In other words, Dr Haque had the right to protest his expulsion to people other than precisely those who had decided to expel him.
Importantly, the judge noted that it was not enough for Dr Haque to show that convening an independent body would have been fairer than allowing the Shura to hear his representations. Rather, he had to show that giving the Shura the final word was intrinsically unfair.
But the court decided that the inclusion of implicated members in the Shura hearing that would have heard Dr Haque’s protests would have been inherently unfair.
However, for Dr Haque, this was something of a Pyrrhic victory. He had asked the court for a declaration that his expulsion was null and void (to the effect that he would have remained a member of MCA) and an injunction requiring MCA Limited to admit him as a member.
But the court said that, given the steps required and the state of the relationship between the parties, an injunction of this kind was “not a realistic option in the circumstances” and a declaration of the kind sought would not serve any useful purpose.
As a result, the judge was limited to awarding nominal damages in the amount of £100.
What does this mean for me?
On a technical level, the judgment highlights the importance of following a proper procedure when initiating any kind of disciplinary proceedings or any decision to suspend or expel someone from a body of persons.

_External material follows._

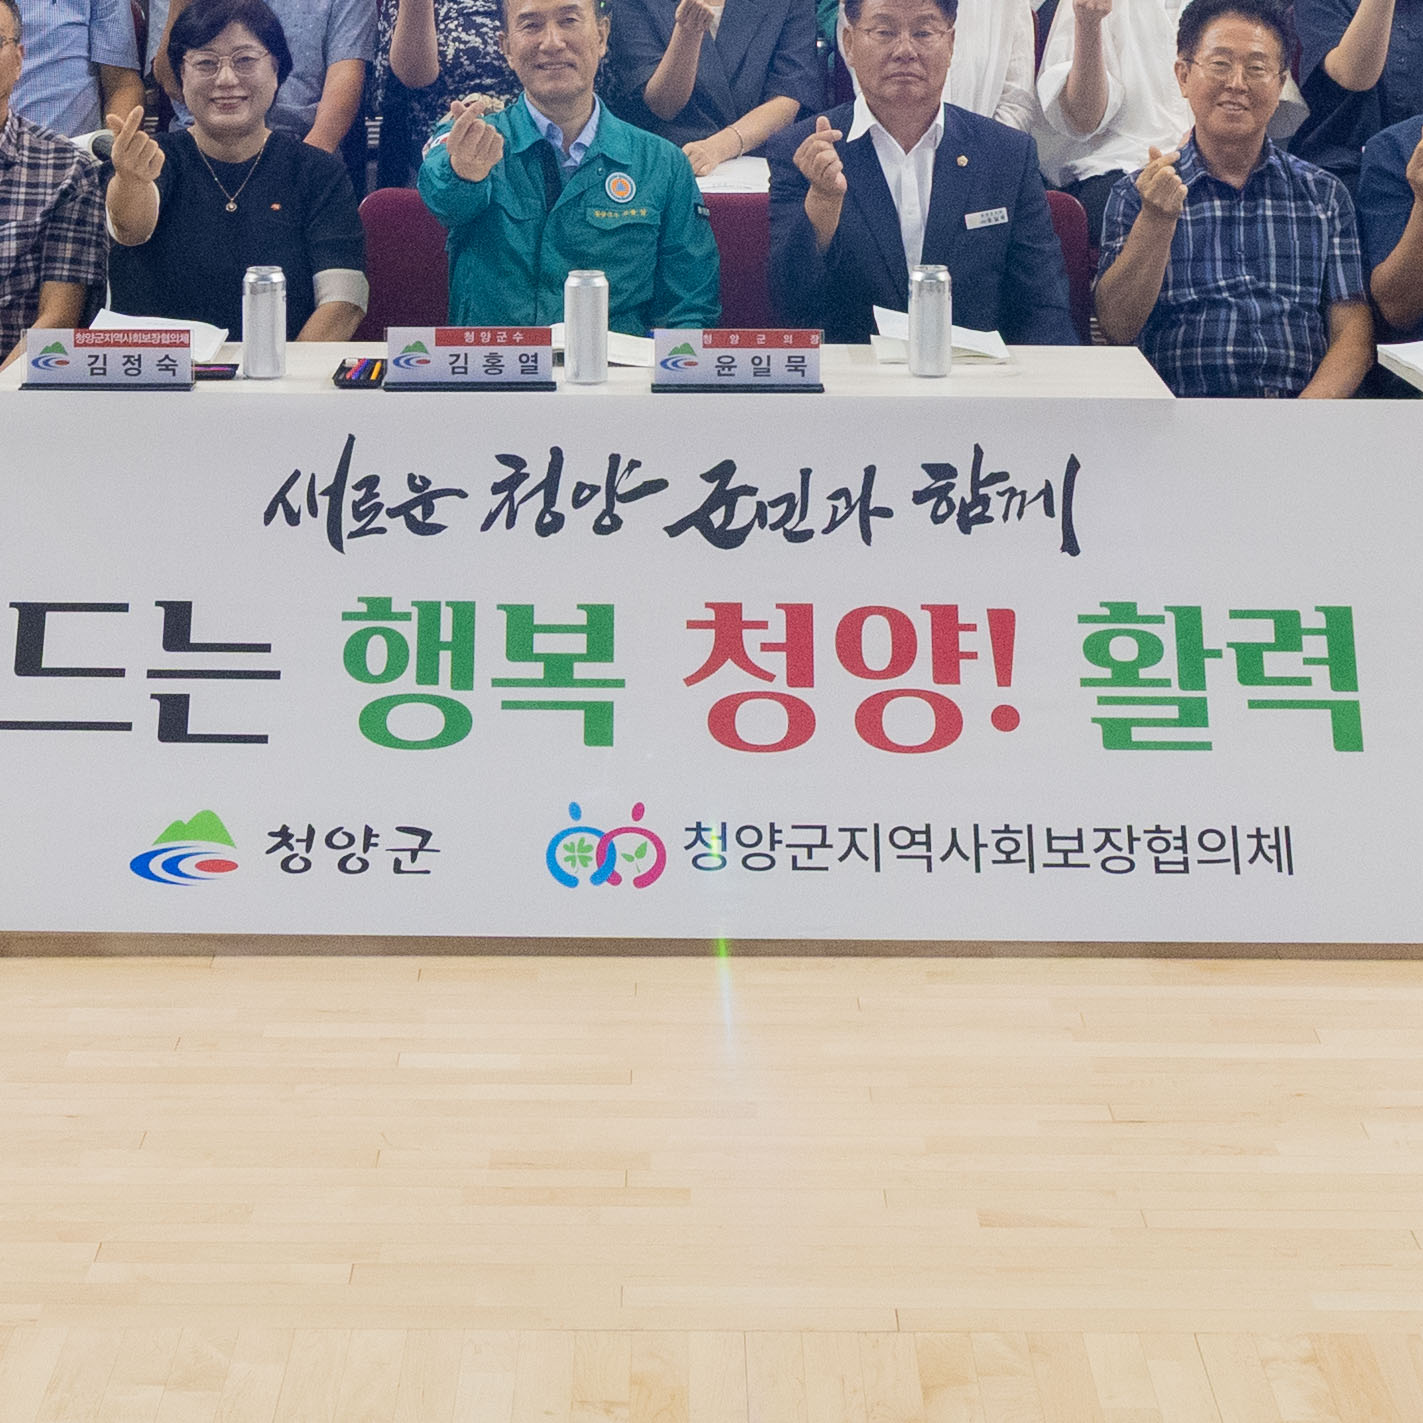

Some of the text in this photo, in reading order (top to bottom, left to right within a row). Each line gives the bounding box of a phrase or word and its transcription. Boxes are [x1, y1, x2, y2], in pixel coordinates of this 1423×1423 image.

Other than for trivial transgressions or in exceptional circumstances, it will normally be appropriate to follow an established procedure that ensures impartiality and affords the subject of the proceedings an opportunity to be heard. In this regard, there are certain steps that will or may prove useful.
- Assemble an appropriate decision-making panel. In particular, ensure that anyone involved in making the decision is free from potential or perceived conflict of interest or personal motivation.
- Set out the grounds of complaint. It is important to give the person to whom the decision relates the “gist of the case” they are being asked to answer. This may well involve difficult decisions on the extent of the documentary and witness evidence to be shared in each case.
- Give the person involved an opportunity to respond. The subject should have a reasonable period of time before the decision is made to make any representations. Whether this should be in writing or at some form of hearing, and the procedure to be adopted at any hearing, are important issues for the decision-maker(s) to determine.
- Document the decision. Set out the factors the panel has taken into account in reaching its decision, as well as any other evidence or arguments raised that the panel believes is immaterial or irrelevant. This should mitigate against claims down the line that the decision was taken improperly or irrationally.
- Provide reasons for the decision. Finally, give the person to whom the decision relates details of the decision, including how the decision was made and the reasons for it.
There is also a more pragmatic lesson from this case.
In his closing comments, the judge, Mr Justice Choudhury, comments that it was “lamentable that a dispute between members of a community organisation should ever have reached this stage” and “a matter of deep regret that [the parties’] differences could not be resolved without resorting to litigation”.
Salutary though the judge’s comments may be, the circumstances of this case are far from uncommon and this will not be the last time that a breakdown in relationships culminates in costly and time-consuming legal proceedings.
A desire for vindication may be well-intended and based on sound, technical grounds yet, as in this case, yield little in the way of practical compensation and merely serve to lay the disagreement bare to the world. The ardour of a perceived quest for justice can easily cloud a person’s judgment, precipitating litigation when a private settlement or simple retreat might be the better option.
This is where the advice of a lawyer, who approaches a dispute with impartiality and detachment, can be most useful and prevent an aggrieved party from litigating needlessly.